Personal information
- National team: Iranian Karate national team
- Born: December 27, 1982 (age 43) Bandar-e Anzali, Iran
- Occupation: Karate coach
- Years active: 1998-2018

Sport
- Sport: Karate

Medal record
Representing Iran
Men's Karate
World Championships
| Gold medal – first place | 2006 Tampere | 75 kg |
| Silver medal – second place | 2002 Madrid | 75 kg |
| Bronze medal – third place | 2002 Madrid | Team |
Asian Games
| Gold medal – first place | 2010 Guangzhou | 84 kg |
| Gold medal – first place | 2006 Doha | 75 kg |
| Silver medal – second place | 2002 Busan | 75 kg |
Islamic Solidarity Games
| Silver medal – second place | 2005 Medina | 75 kg |
| Gold medal – first place | 2005 Medina | Team |
Asian Championships
| Gold medal – first place | 2007 Malaysia | Open |
| Silver medal – second place | 2007 Malaysia | Team |
| Gold medal – first place | 2005 Macau | Team |
| Silver medal – second place | 2004 Taiwan | 80kg |
| Silver medal – second place | 2004 Taiwan | Team |
| Silver medal – second place | 2001 Malaysia | 70kg |
| Bronze medal – third place | 2001 Malaysia | Team |

= Jasem Vishkaei =

Iranian karateka (born 1982)

Jasem Vishkaei (جاسم ويشكائى, also Romanized as "Jāsem Vishkaei"; born December 27, 1982, in Bandare Anzali, Gilan Province) is an Iranian karateka.
Vishkaei competed in the 2006 Asian Games in the 75 kg division and won the gold medal.
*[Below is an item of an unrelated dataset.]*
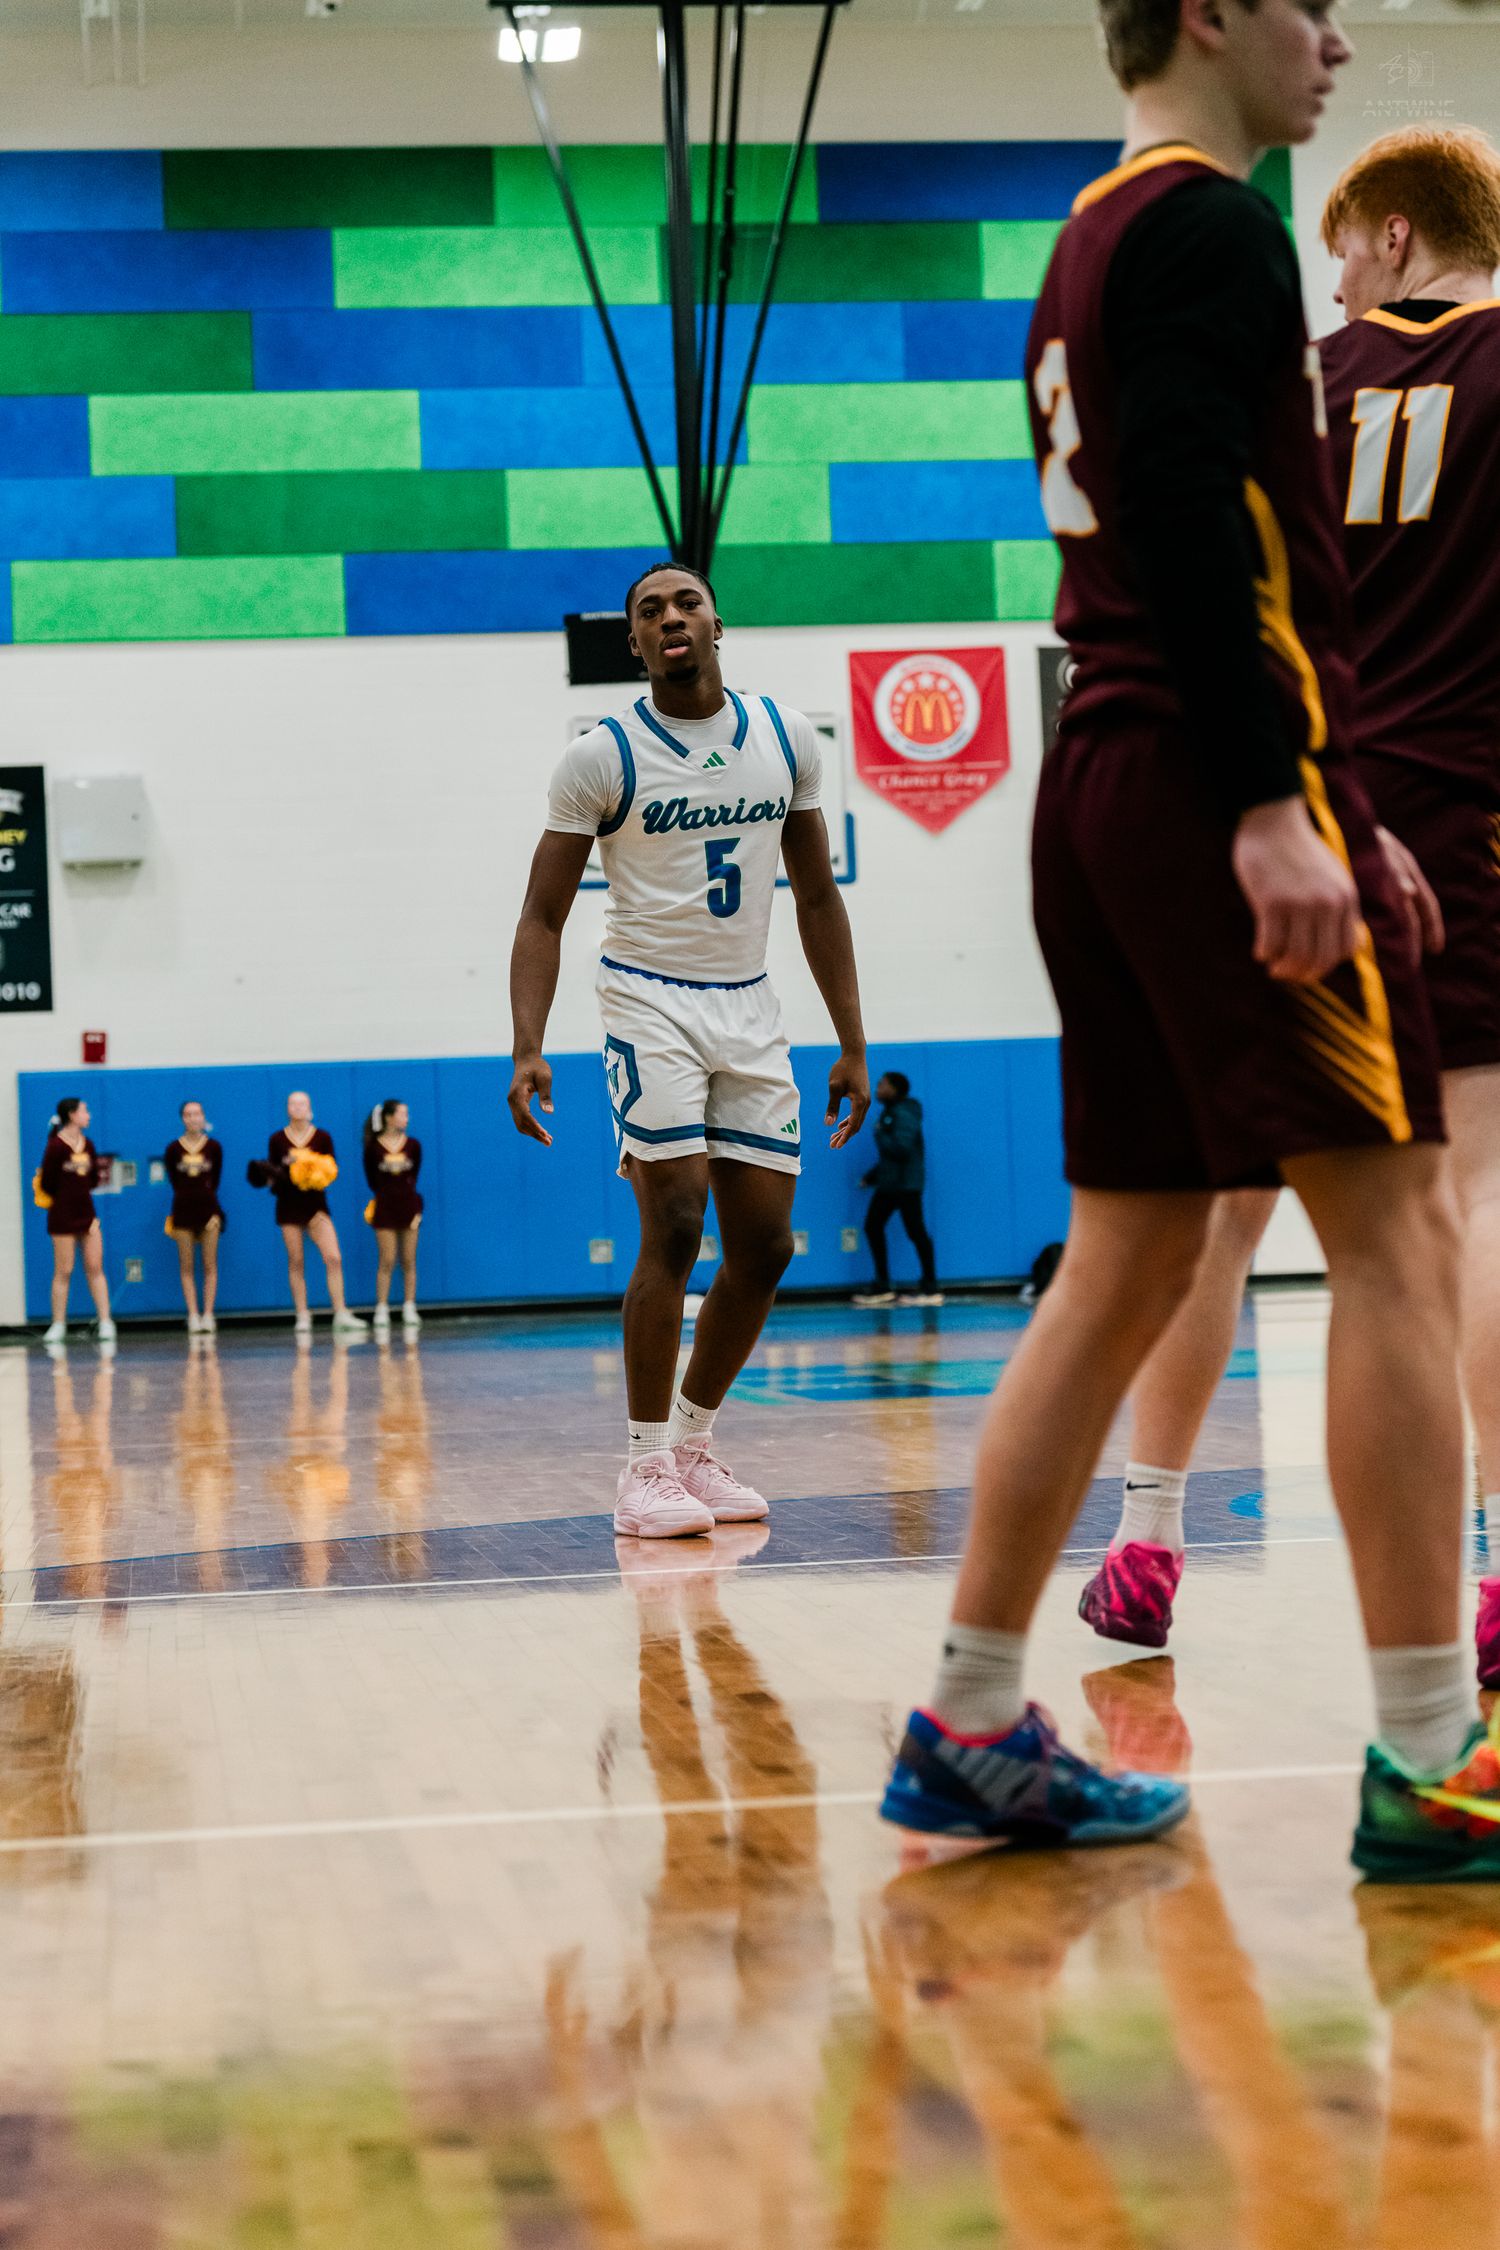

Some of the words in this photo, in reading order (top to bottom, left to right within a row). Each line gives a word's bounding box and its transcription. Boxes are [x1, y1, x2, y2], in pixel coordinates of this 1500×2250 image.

[1345, 383, 1454, 524] 11
[642, 796, 786, 835] Warriors
[704, 837, 742, 919] 5
[0, 982, 41, 1001] 010
He also won the gold medal in 2010 Asian Games.

== Career ==
Jassim Vishkaei started karate in 1366 with Mr. Seyedgar in Bandar Anzali and in 1997 he became a member of the Iran national team and during his time in the Iranian national team he won 3 gold medals from the Asian Youth Championships.
3 gold, 2 silver and 1 bronze medal from the U21 World Championship, 2 gold, 2 silver and 2 bronze medal from the Asian Senior Championships.
Vishkaei has also won the gold medal of the Open World Cup, gold, silver and bronze medal of the World Championships, silver medal of Busan Asian Games and gold medal of Doha and Gwangju Asian Games and more than 10 colorful medals from prestigious countries Competitions in the world.

According to many experts in this field, if karate was one of the Olympic disciplines during Jassem's sports career, he should have been awarded at least two gold medals.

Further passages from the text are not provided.